This has been a week, but it seems they all are these days. One glint of hope on the horizon: The second annual Sports Economics Conference has been scheduled for the University of Maryland, Baltimore County for April, which means I get to hang out with some of the smartest (and funniest) minds studying stadiums and other aspects of the sports business world, and you get more liveblogs like this.

Until then, the regular weekly news will have to suffice. Let’s open up the ol’ news bag and see what — oh dear oh dear, best to get started right away:

  • I have advocated before for local government to hire professional help in their negotiations with sports team owners over stadium construction and leases, so it’s potentially welcome news that Hamilton County, Ohio has hired David Abrams of Inner Circle Sports to help with its talks with Cincinnati Bengals execs — “potentially” because until now I had never heard of Abrams, or Inner Circle Sports, so it’s hard to say whether he’ll be bringing inside knowledge of how the opposite side of the table operates or just feed them the league line that pouring lots of public money into private projects is good, actually. I do see that Inner Circle was paid $1.25 million to work for St. Petersburg and Pinellas County on their stadium deal with the Tampa Bay Rays, and that couldn’t have turned out worse for the public despite the Rays owner having zero leverage, so maybe let’s hold our applause until we see the results here.

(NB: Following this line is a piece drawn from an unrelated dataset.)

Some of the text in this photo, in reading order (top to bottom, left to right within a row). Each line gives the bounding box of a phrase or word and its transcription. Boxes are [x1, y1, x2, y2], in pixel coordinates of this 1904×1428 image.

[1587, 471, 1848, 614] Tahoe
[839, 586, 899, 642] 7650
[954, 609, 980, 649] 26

  • A Boston city council vote to block the demolition of White Stadium so it can undergo a $200 million rebuild, $100 million of which would be paid for by the city, mostly for the benefit of BOS Nation F.C., fell one vote short Wednesday when councilor Liz Breadon didn’t show up to the meeting, leaving the council deadlocked at 6-6. One of the “roughly three dozen” people who showed up to protest the stadium plan yesterday called the tie vote a “huge win,” which isn’t really how huge wins work; there’s still a lawsuit in progress that could block the plan, but it’s unclear if it will be heard in time to halt the demolition, which if it progresses would take off the table a cheaper rehab of the existing structure just for high school sports, as opponents are hoping for.
  • Speaking of the NWSL, Denver is getting a franchise! And a new stadium, maybe, the expansion team’s owners say they’re planning one, more details about things like cost and public cost later, don’t worry your pretty heads.

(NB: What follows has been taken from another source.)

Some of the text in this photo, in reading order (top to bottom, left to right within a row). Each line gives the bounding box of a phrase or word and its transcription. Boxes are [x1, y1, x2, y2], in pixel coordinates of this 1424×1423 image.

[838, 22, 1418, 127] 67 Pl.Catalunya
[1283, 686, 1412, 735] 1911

  • The first phase of renovation work on the Milwaukee Brewers‘ stadium that’s costing taxpayers close to $500 million has been approved, and it will include such things as a $10 million “public gathering space,” because there just aren’t enough places to publicly gather at a baseball game. There’s also plans for a future vote to spend $25 million on winterizing the stadium so concerts can be held there in the winter — something that would work a lot better if not for the fact that, as Holy Cross economist Victor Matheson points out, big stadium concert tours take place pretty much exclusively in the summer. See why I’m looking forward to this Baltimore conference? (Side note to newbies: Once you’ve read this site for long enough, you’ll recognize that for the sick burn that it is.)
  • New York Gov. Kathy Hochul watched the start of the Buffalo Bills‘ playoff loss at a Bills sports bar in Albany, because of course she did, and the Times is on it! “I am just going to bury my head in my hands for eight hours straight,” one fan said afterwards, presumably at the game result, but there are lots of other good ways to intepret that.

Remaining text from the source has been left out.